Thursday, December 16, 2010

Bye Bye Bluey

All things must die. It is an inevitability.

We have many pets, all of which will eventually expire.

We have a cat that is about 14 years old. He coughs, sputters, pukes, but mostly sleeps on hot air registers. He makes me sneeze.

And we have a bunny, 12 years old, who shits (a lot) who stinks, and does pretty well nothing. He was adopted from the daycare because Zach insisted he was 'being ignored'.

And then there is Bluey, or rather there ‘was’ Bluey.

Bluey was our Tropical Fighting Fish, who will not live to fight another day. He was approx 2 and half years old. If Bluey was a human, he would be the equivalent of the 112 year old nursing home resident that the Channel 6 News camera crew visit every year. They simply cant believe he is still pounding back the Geritol.

Yes, Bluey had some serious staying power.

Our good friend Glain could never figure out how our dang fish has lasted so long. Glain is on a first name basis w the disheveled dude at Pet-Smart who works the tropical fish isle. He as been instructed to have a fighting fish on standby, to replace the hapless inhabitants of her daughters fishbowl. All ‘descendants’ of the original fish, having unsuccessfully run the porcelain luge event.

So Bluey was looking pretty grim last week. Maddy was sure he was dead, as he lay motionless on the bottom of the big glass bowl. If ya got up real close though, you could see one fin wiggling, the other dormant. He also had some weird spinal curvature issue that had him bent like the letter S. If there ever was a solid case for fish euthanasia, this was it.

I braced little Zachary for the inevitable this morning, pointing out Bluey’s grim prognosis. He seemed to take it pretty well. Shockingly pragmatic actually.

“well, we’ll just bury him next to Mousey!”

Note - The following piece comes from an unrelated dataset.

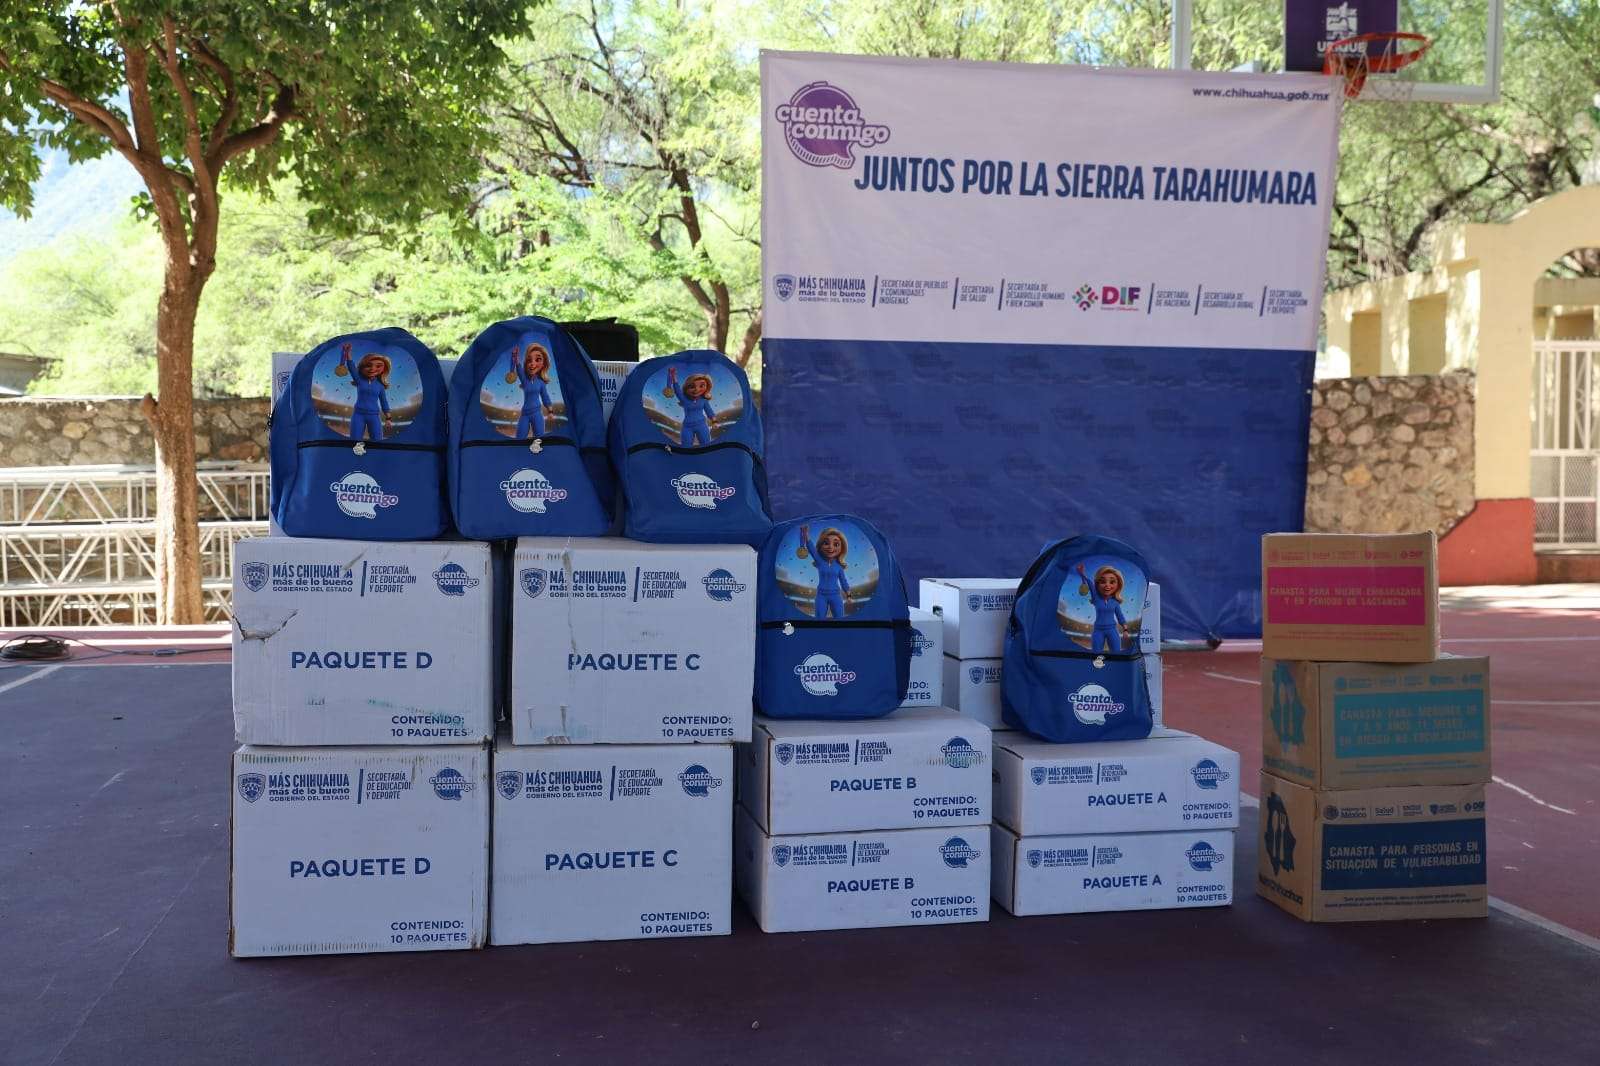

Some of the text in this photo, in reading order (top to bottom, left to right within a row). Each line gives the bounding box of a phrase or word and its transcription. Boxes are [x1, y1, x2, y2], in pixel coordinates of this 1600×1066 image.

Mousey was the unfortunate rodent that got beat-on by the neighbors cat. (our cat was likely too busy puking, to chase mice). Mousy was unceremoniously dumped like a mob-hit, in the grass on the side of our house. Zach wanted a proper send-off, so he was buried in our garden... “Mousey – RIP” scrawled in black magic marker on a scrap piece of cedar, carved into the familiar shape of a tombstone.

I am stating for the record that this began as a mission of mercy, that went horribly wrong.

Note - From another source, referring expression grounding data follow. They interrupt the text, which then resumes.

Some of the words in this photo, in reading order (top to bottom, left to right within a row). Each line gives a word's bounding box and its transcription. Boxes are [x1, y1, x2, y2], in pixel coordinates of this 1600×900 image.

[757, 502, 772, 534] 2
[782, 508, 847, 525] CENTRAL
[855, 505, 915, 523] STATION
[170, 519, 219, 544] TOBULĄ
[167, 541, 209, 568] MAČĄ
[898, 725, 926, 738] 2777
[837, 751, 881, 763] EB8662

We often head out for a weekend, and ask friends or neighbours to check in on the pets. I really didn’t want a panic call on my cellphone, telling me the 95 cent pet had expired. Better that this all go down in a controlled environment.

As soon as Zach was off to school, I went back home to take a conference call and get busy.

While I had the speaker phone on high, I scooped out the fish – who protested not one bit – and placed him in a small container, which I then put in the freezer. My plan was to tell Zach that Bluey had stopped twitching his little fin, so I froze him after he went to sleep. so we could bury him in the spring, right next to the decomposed mouse, just as he suggested.

The conference-call came and went, and one e-mail (with an astonishing 47 cc-addresses attached) led to another useless spreadsheet, and soon it was well after lunch.

As I tried to prepare a quick bite before the next scheduled call, I was suddenly struck by the realization that I had willfully flash-frozen our sons pet.

I opened up the freezer, and pulled out the container. Bluey was precisely as I left him, but he was now entombed in a solid block of ice. I was initially struck by the efficiency of our freezer.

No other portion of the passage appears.